When our neck or back hurts, we move differently – in Physical Therapy we call it compensatory movement patterns. Studies have shown us on all of our major joints that this process leads to loss of strength and even atrophy (wasting or loss of muscle tissue). The spine is not immune to this process and this loss of strength leads to poor control of gravitational and movement forces that can lead to more pain and “instability”.

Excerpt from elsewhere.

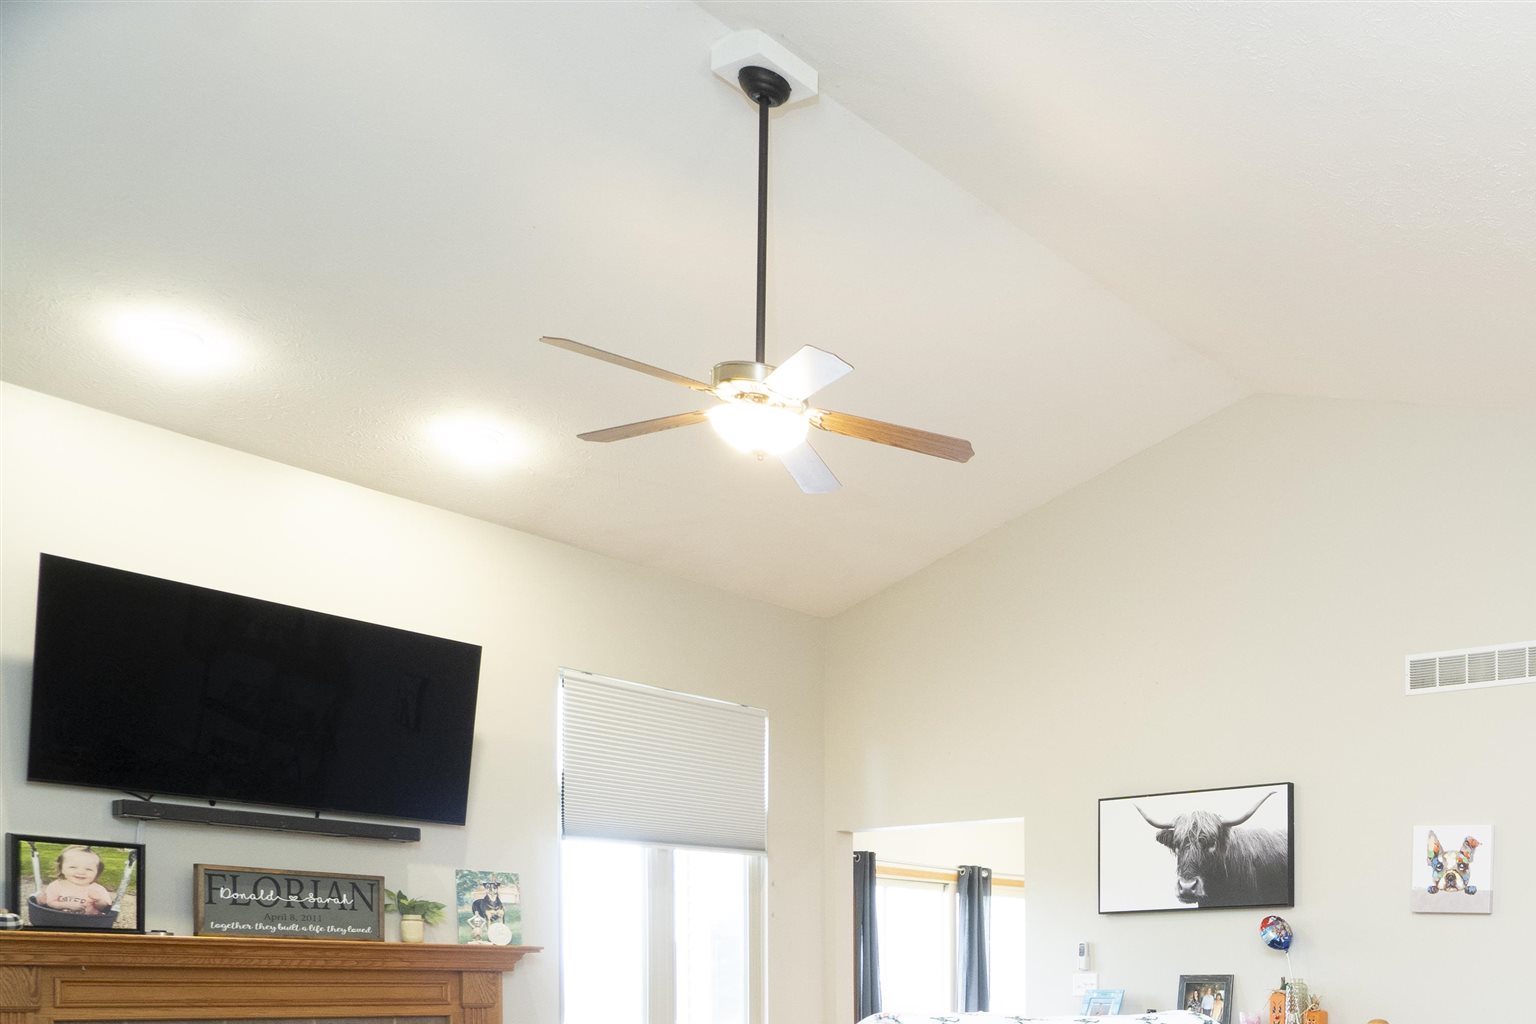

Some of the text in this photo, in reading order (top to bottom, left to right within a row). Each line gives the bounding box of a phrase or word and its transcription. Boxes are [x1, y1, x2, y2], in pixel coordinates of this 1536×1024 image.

Spinal stabilization, sometimes referred to as core stabilization, typically takes on a different meaning to a Physical Therapist than a personal trainer. Many of our patients that follow regular work out regimes with and without a trainer, are usually surprised to find that they lack functional hip strength and that their inability to activate transverse abdominis is a problem that is perpetuating their back pain. A Physical Therapist should look at not simply just strengthening your “core” muscles but creating increased neuromuscular control and either reinforcing or reestablishing essential muscular force couples in the spine for increased biomechanical efficiency and ultimately “stabilization” of the spine. By achieving this stability we are looking to decrease pain by decreasing the abnormal mechanical forces on the joints, discs, and nerves of spine.
Often it takes a multi-level approach to gain control of this pain and dysfunction process (see back pain) depending on the length of time you've been hurting or the extent of pathology (disease process/damage) to the tissues. A good spinal stabilization program should include not only exercises, but education on postural and lifting mechanics and nutrition along with use of physical agents to control pain and promote healing.